━━━━━ Exercise data

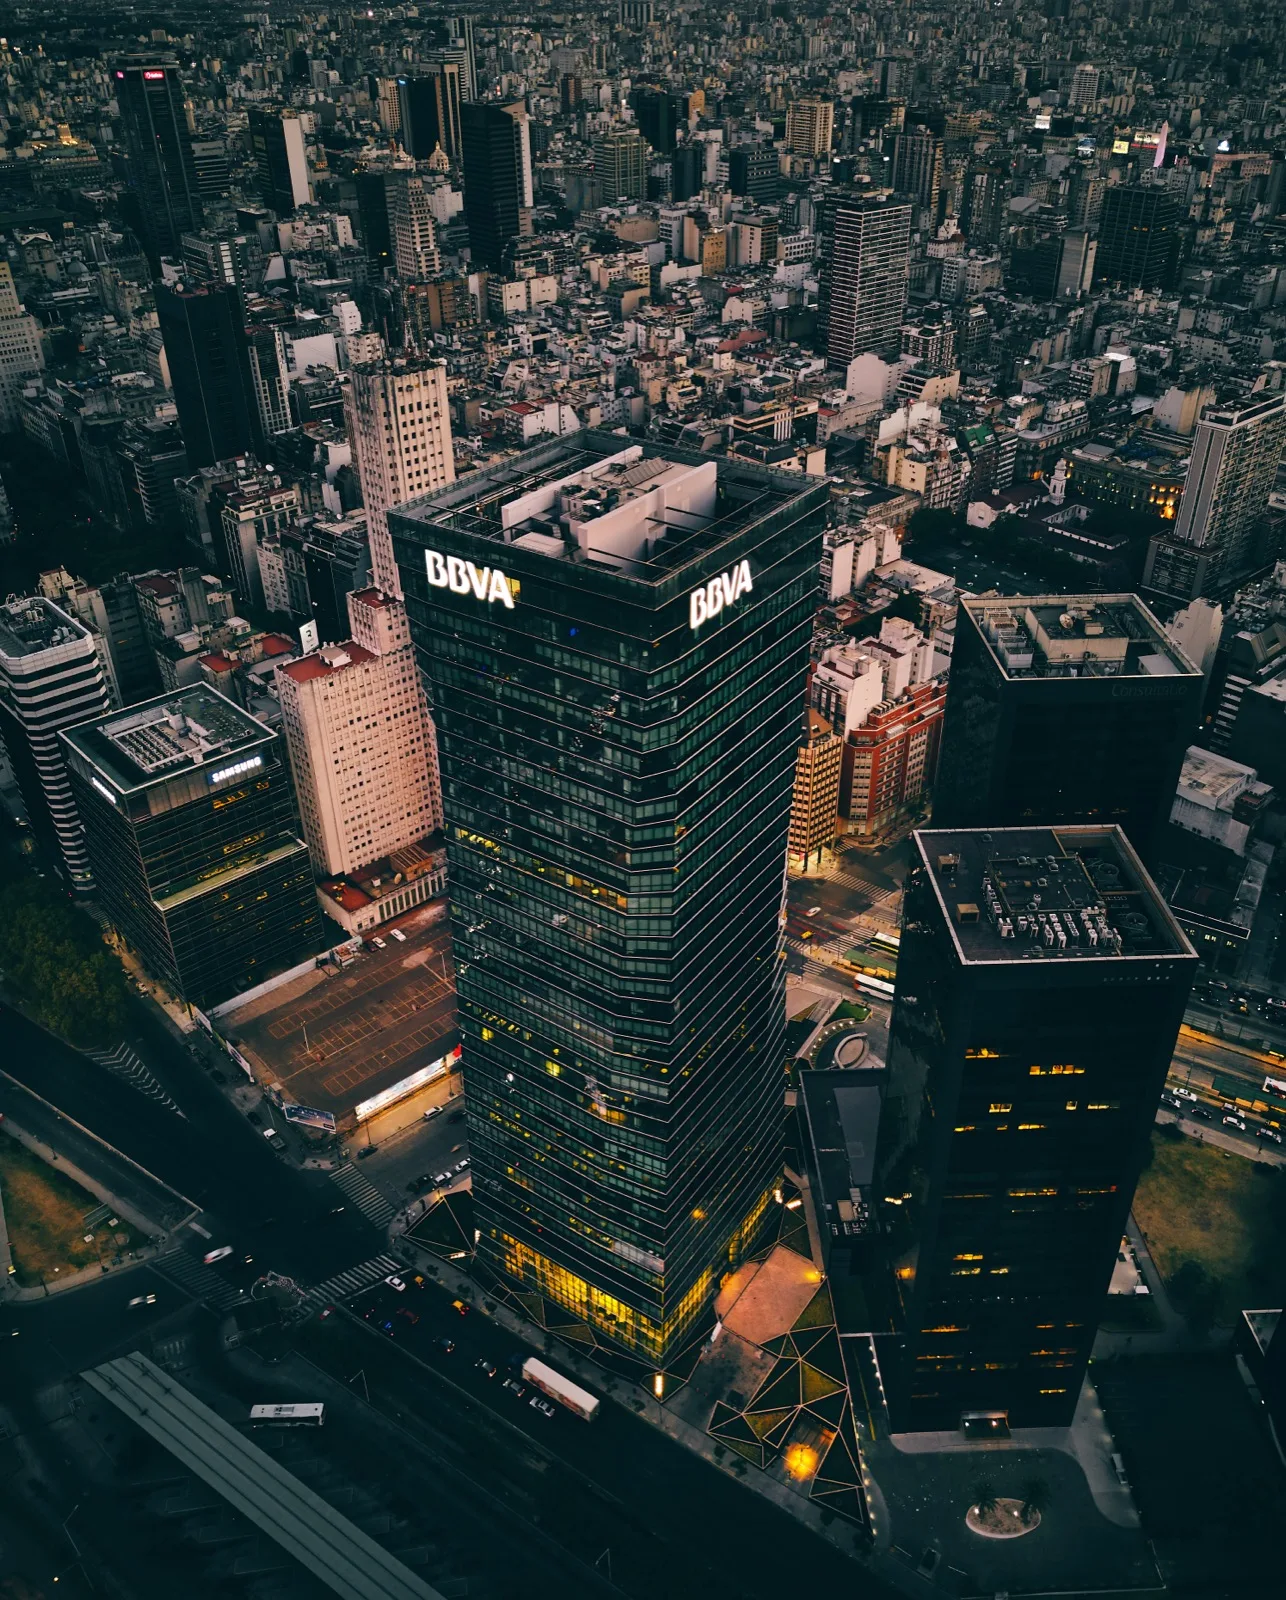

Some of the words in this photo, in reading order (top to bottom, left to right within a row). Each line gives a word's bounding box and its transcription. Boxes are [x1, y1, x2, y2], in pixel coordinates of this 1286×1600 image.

[424, 548, 515, 609] BBVA
[689, 559, 754, 630] BBVA
[211, 756, 262, 783] SAMSUNG
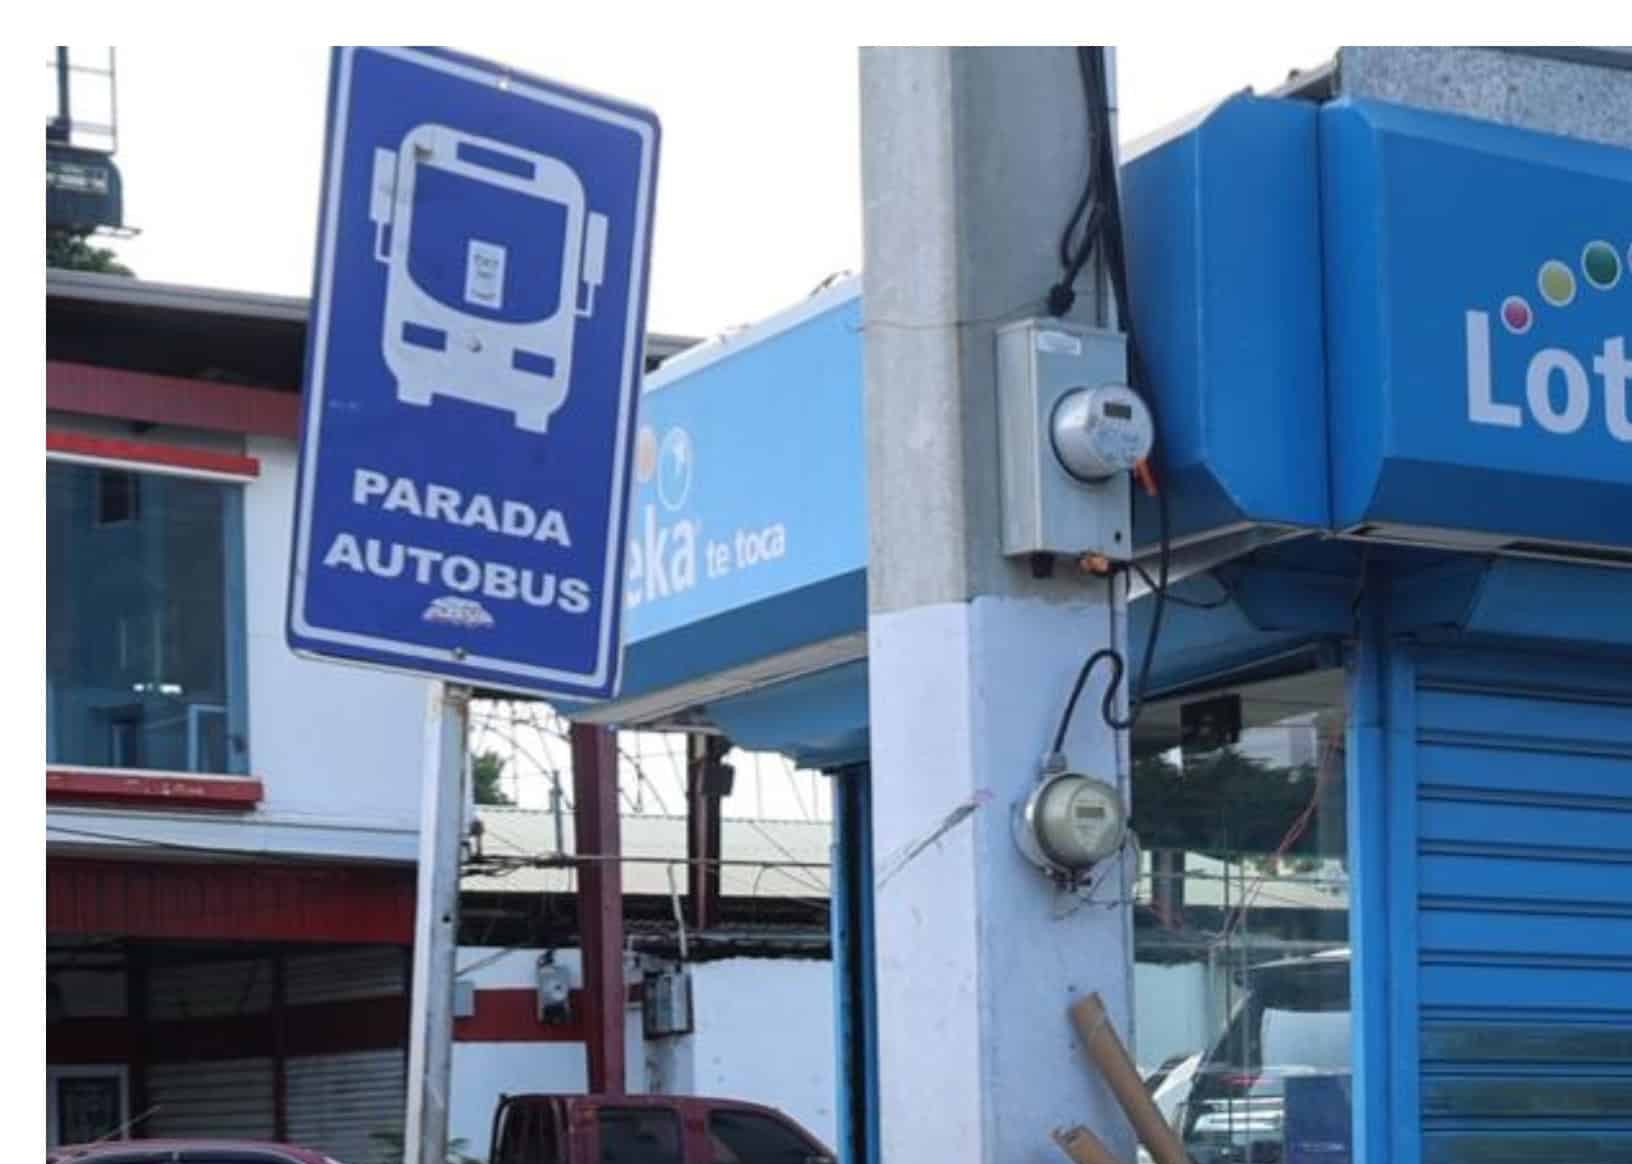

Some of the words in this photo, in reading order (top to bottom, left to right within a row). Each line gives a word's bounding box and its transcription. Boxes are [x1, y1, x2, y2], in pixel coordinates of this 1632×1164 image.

[354, 468, 571, 547] PARADA
[323, 533, 591, 614] AUTOBUS
[706, 539, 730, 578] te
[735, 522, 786, 568] toca

━━━━━━━━━━

Pictures are not part of the copy; transcribe the rest of the data verbatim.

Some of the words in this photo, in reading order (top to bottom, left to right within a row). Each line gives a word's bounding box and its transcription. Boxes are [x1, y1, x2, y2], in pixel coordinates of this 1286×1600 image.

[424, 548, 515, 609] BBVA
[689, 559, 754, 630] BBVA
[211, 756, 262, 783] SAMSUNG

Some of the words in this photo, in reading order (top to bottom, left to right within a row). Each line gives a word's bounding box and its transcription. Boxes are [x1, y1, x2, y2], in pixel coordinates of this 1632×1164 image.

[354, 468, 571, 547] PARADA
[323, 533, 591, 614] AUTOBUS
[706, 539, 730, 578] te
[735, 522, 786, 568] toca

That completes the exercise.